Registration began March 1 and workshop enrollment is limited. The $165 workshop fee covers lodging, meals and equipment. Some partial scholarships are available for students, single parents and low-income, first-time participants. The workshops are sponsored by the Indiana DNR and the Indiana Hunter Education Assoc. All participants must be 18 years or older.

For details or to register online, visit Indiana’s BOW website at or contact Dawn Krause at 317-232-4095.

Light Goose season ends March 31
The light goose conservation order that began February 1, 2006 will end one-half hour after sunset on March 31. The conservation order is effective statewide, except at Muscatatuck and Big Oaks National Wildlife Refuges.

During the last 30 years, the numbers of light geese that primarily migrate through the Mississippi and Central Flyway have quadrupled.
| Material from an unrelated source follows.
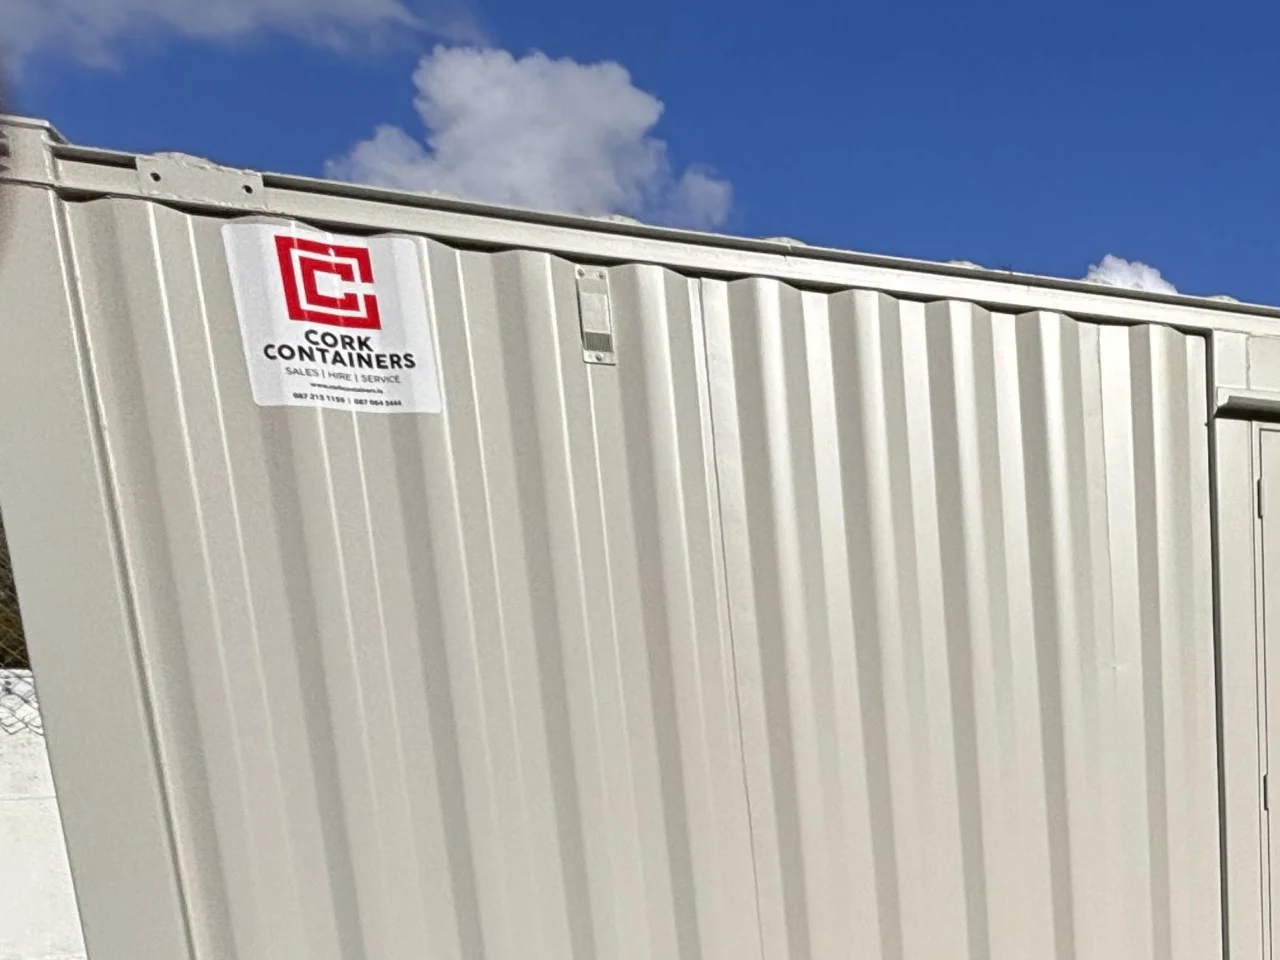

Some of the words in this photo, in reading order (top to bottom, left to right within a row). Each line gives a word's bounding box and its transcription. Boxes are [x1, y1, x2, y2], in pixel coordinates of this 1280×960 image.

The large number of these geese is causing destruction of their arctic and sub-arctic breeding grounds.

The conservation order is an attempt to reduce the population to prevent further habitat degradation and to ensure the long-term health of the population.

Lesser snow and Ross’ geese are referred to as “light” geese due to the light coloration of the white-phase plumage form, as opposed to “dark” geese such as the white-fronted or Canada goose. Both plumage forms of snow geese (“snow” and “blue”) come under the designation light geese.

The same regulations and restrictions that apply during the regular waterfowl season also apply during the conservation order, except that during the order, (1) a free permit is required, (2) unplugged shotguns and electronic calling devices are allowed, (3) shooting hours are one-half hour before sunrise to one-half hour after sunset, (4) there is no daily bag or possession limit on lesser snow geese (includes blues) and Ross’ geese.

In addition to the free permit, a valid hunting license and signed Indiana waterfowl stamp (unless hunter is exempt) are required. A HIP registration number and Federal duck stamp are not required. Free permits can be obtained at any state fish and wildlife area office, field office, or reservoir.

This farm news was published in the March 22, 2006 issue of Farm World.